» **Your assignment**:
Retype the following records exactly and exclude the pictures.

» **Supplied material**:
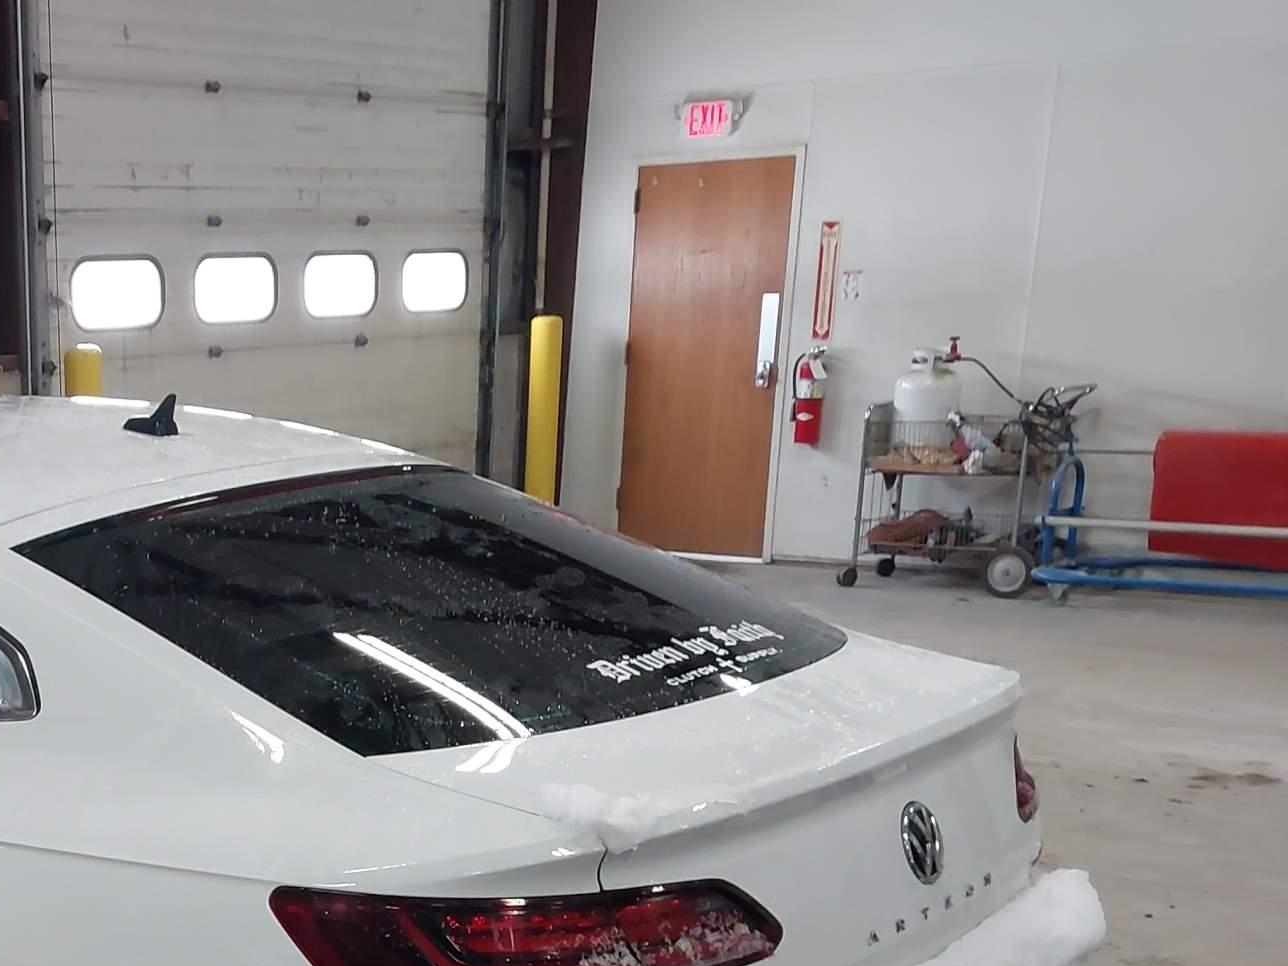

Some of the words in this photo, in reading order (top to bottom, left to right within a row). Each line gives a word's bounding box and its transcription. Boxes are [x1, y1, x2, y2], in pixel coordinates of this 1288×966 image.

[689, 102, 725, 136] EXIT
[671, 637, 729, 656] by
[699, 620, 784, 646] Faith
[586, 645, 689, 683] Driven
[666, 664, 718, 686] CLUTCH
[867, 872, 992, 946] ARTEON

» **Written answer**:
Some of the words in this photo, in reading order (top to bottom, left to right within a row). Each line gives a word's bounding box and its transcription. Boxes are [x1, y1, x2, y2], in pixel coordinates of this 1288×966 image.

[689, 102, 725, 136] EXIT
[671, 637, 729, 656] by
[699, 620, 784, 646] Faith
[586, 645, 689, 683] Driven
[666, 664, 718, 686] CLUTCH
[867, 872, 992, 946] ARTEON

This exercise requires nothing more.